Mr Yum’s the world: Australian startup taps investors Rüfüs Du Sol, Untitled Group and UNIFIED Music Group
Sometimes, the darkest days provide glittering opportunities.
As the live entertainment and hospitality industries awaken from an enforced slumber, one Australian startup moved into a sweet, strategic position.
Mr Yum, a Melbourne-based tech business that specialises in QR Code food ordering at pubs and restaurants, is applying the same technology for live concerts and music festivals.
If the proof is in the pudding, then a handful of artists and music industry players have had a taste.
ARIA Award-winning electronic music trio Rüfüs Du Sol, along with Untitled Group, UNIFIED Music Group, San Antonio Spurs and Boomers star guard Patty Mills, and others, have joined other investors to the tune of $11 million in post seed funding for Mr Yum, a vote of confidence that deepens the connection between concerts and hospitality and provides a potential solution for festivals and concerts as they stride into a paperless future.
The investment round was led by Brisbane venture firm TEN13, with AirTree. As part of the financing, lead investor TEN13’s Stew Glynn recently joined Mr Yum’s board.

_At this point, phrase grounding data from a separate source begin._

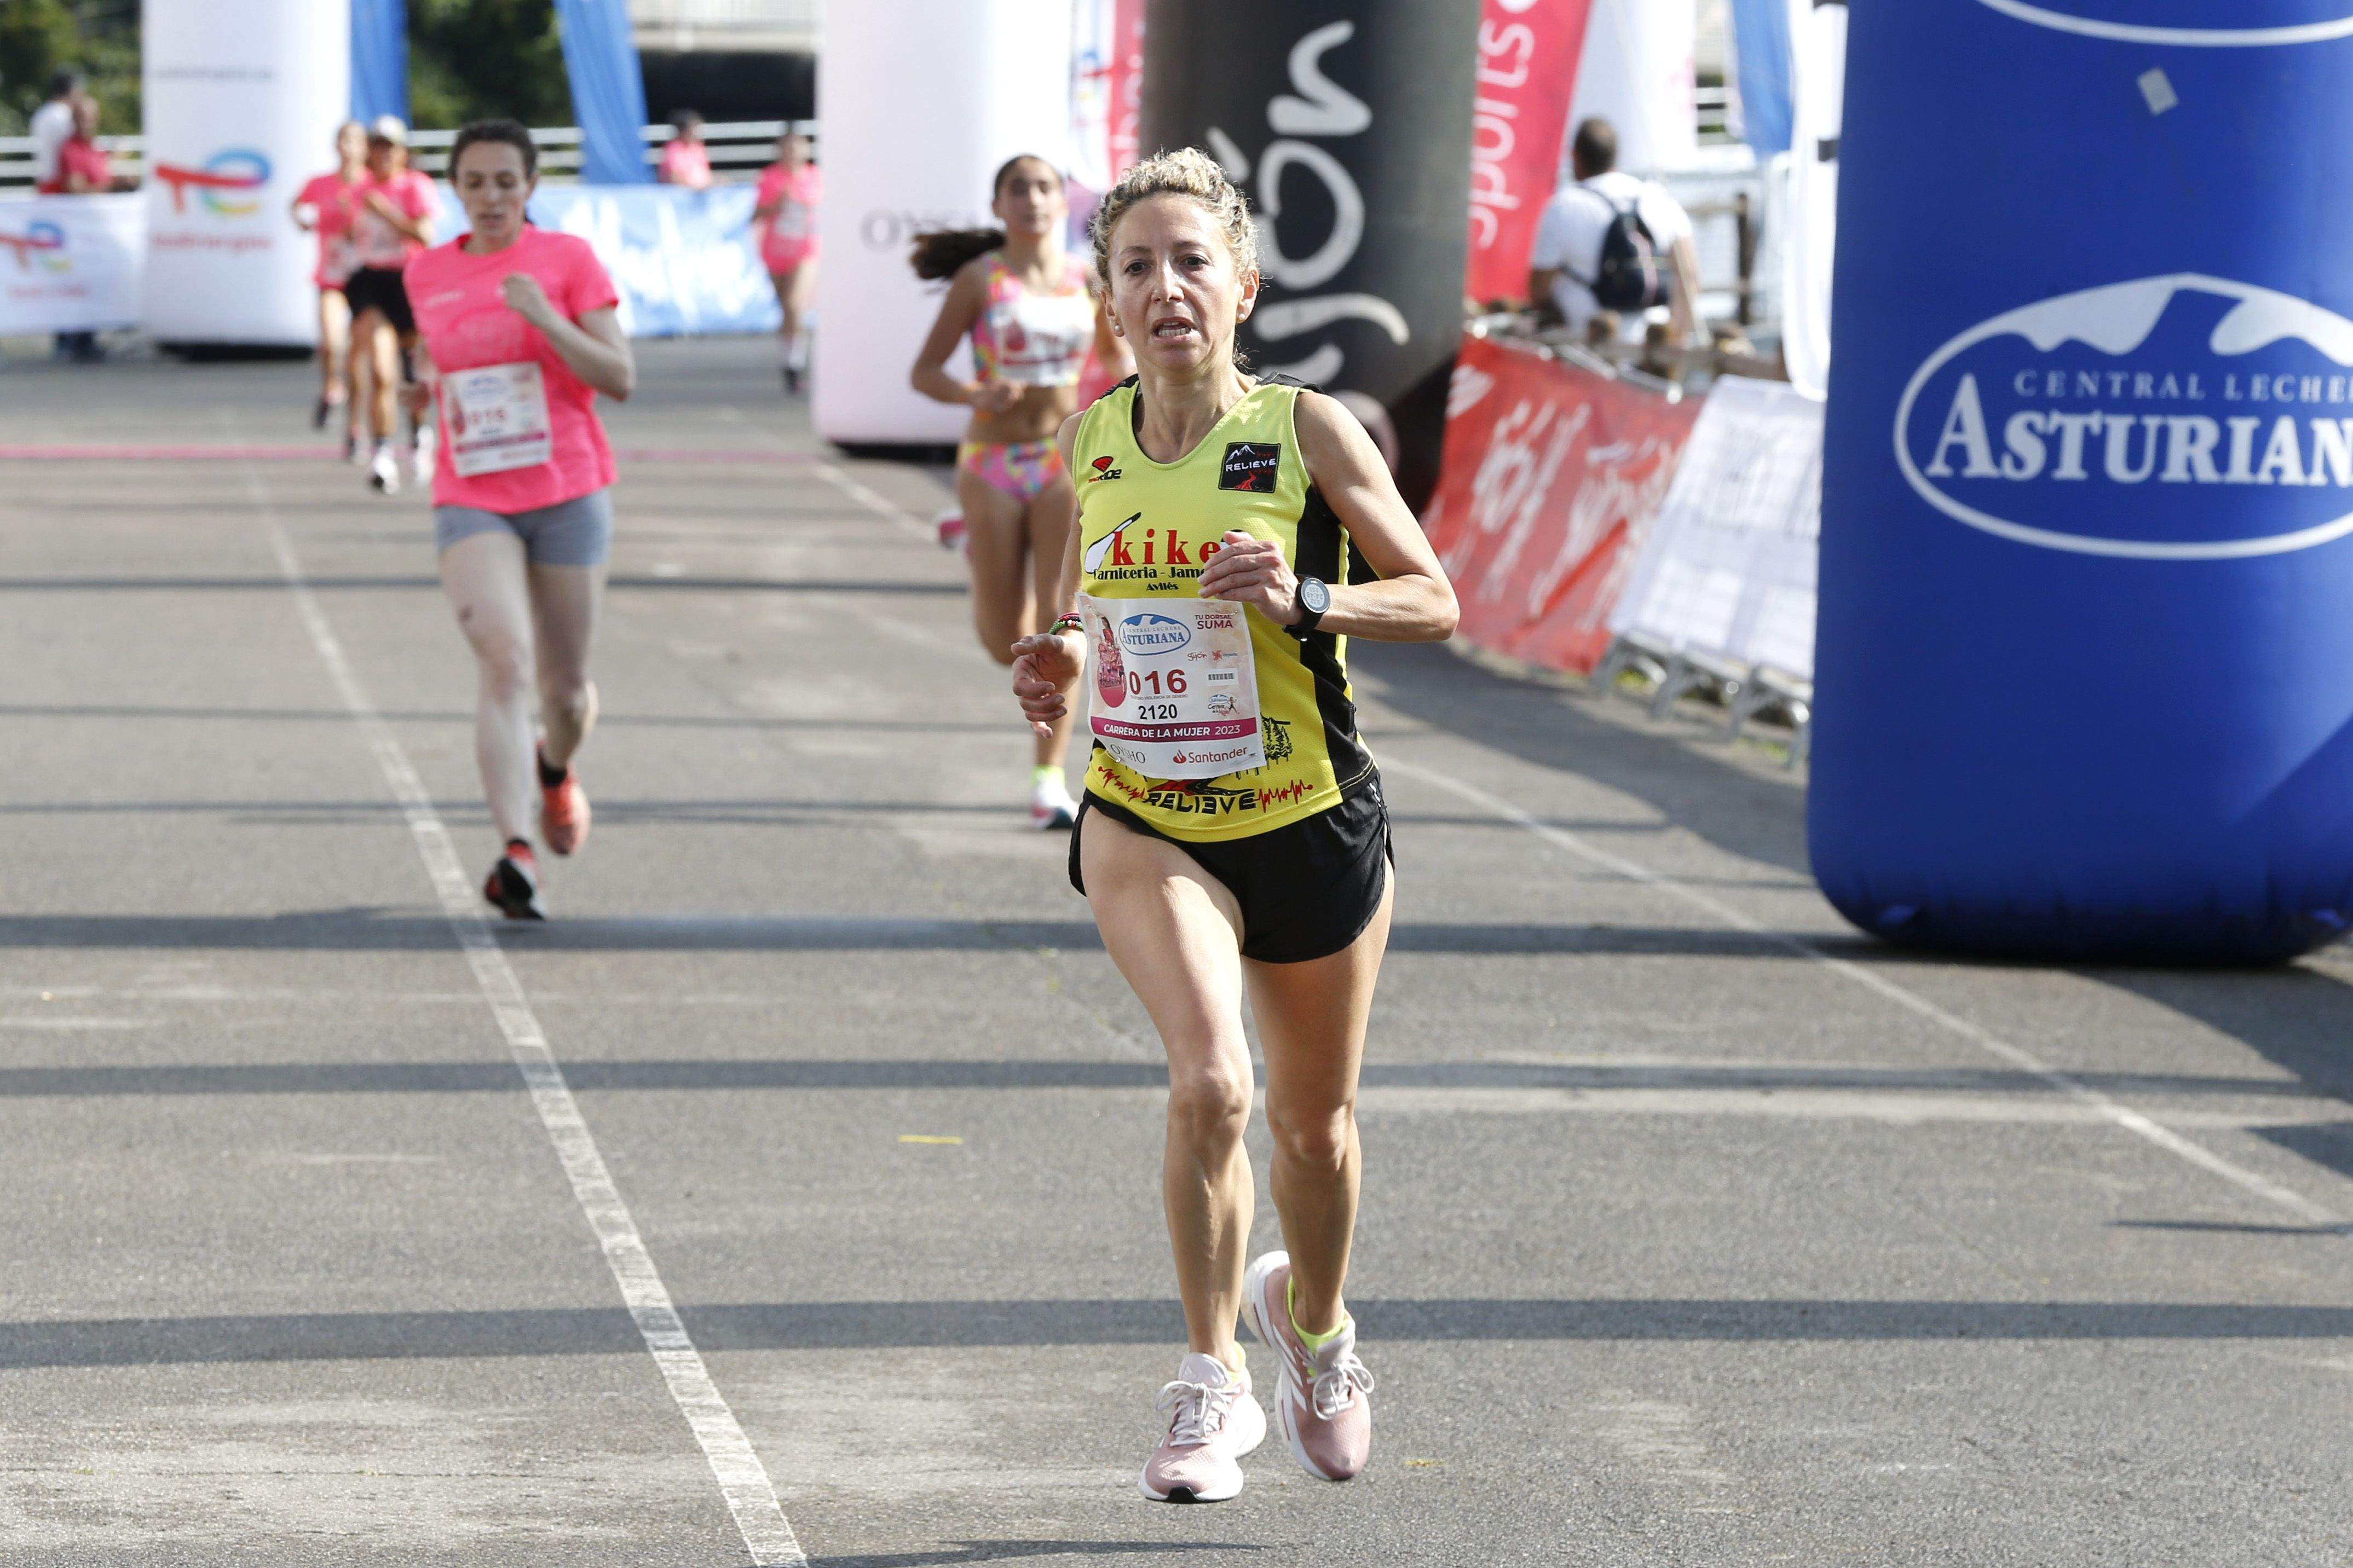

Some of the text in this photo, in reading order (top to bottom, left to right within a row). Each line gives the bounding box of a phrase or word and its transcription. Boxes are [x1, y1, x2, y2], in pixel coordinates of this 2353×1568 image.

[2014, 368, 2206, 401] CENTRAL
[1225, 458, 1277, 472] RELIEVE
[1111, 528, 1221, 566] kike
[1197, 620, 1233, 629] SUMA
[1122, 628, 1185, 645] ASTURIANA
[1187, 651, 1207, 662] gijón
[1129, 669, 1187, 695] 016
[1138, 704, 1178, 720] 2120
[1104, 724, 1241, 738] CARRERA DE LA MUJER 2023
[1189, 747, 1248, 763] Santander

Apart from facilitating food and drink orders, Mr Yum’s codes can help sell merch and other event related products.
For maximum bang for buck, the same QR code can be physically posted around the venue, and on tickets.
Also, event organisers can presell merch with the code so it’s available for collection at showtime, or have it delivered after the concert.
Since the health crisis was called back in March 2020, Mr Yum has seen a 27-times increase in its business, a spokesman tells TIO.
Today, the business employs 65 full-time staff and processes hundreds of millions in food and beverage transactions, with over 10 million global users.
And the 1,100 venues that use its tech have reported a 20 – 40% increase in customer spending.
Mr Yum boasts contracts with such brands as Sydney Airport, Forum Theatre, Yours and Owls Festival and Magic Mike Live (Australia and United States), and international venues such as Sahara Casino in Las Vegas and Clapham Leisure Group in the U.K.
TIO caught up with Kim Teo, CEO and co-founder at Mr Yum, for a glimpse into the future.
TIO: Congrats on your growing business. How did you get these investors over the line? Was there a magic ingredient in your product?
Kim Teo: Thank you. As a team, we’re hugely passionate about the entertainment industry and have been supporting this category since well before Covid.
For example, we started working with Live Nation in Australia and New Zealand months before Covid started. Most products in our space exclusively cater for hospitality venues — bars, cafes, restaurants — which we do as well, but it was our track record in entertainment that attracted entertainment investors to join the journey.
Several key players from the music industry are on board. What applications do you see for the music industry.
We’re working with many theatres, music festivals and arenas now.
There are two main applications in these contexts. Firstly, an exclusive-type experience with VIPs can order their food and drinks to their seat, booth or table.
The other model is punters being able to pre-order for click and collect.
They order and pay and receive an SMS when it’s ready to pickup. This increases average spend for event organisers and reduces lines, congestion and friction for the consumers.
One day — touch wood — this pandemic will be behind us. Will the product still matter to consumers and the industry in a post-COVID world?
Over the past months, we’ve seen Australia normalise, far ahead of many other countries around the world. We’ve been excited to see how much mobile ordering behaviour stayed strong; it’s here to stay.
Venues have a more efficient and sustainable model, and the friction has been removed for consumers.
When you order a beer on your phone and it’s delivered to your seat or table a couple minutes later, it’s very hard to go back to lining up at a bar.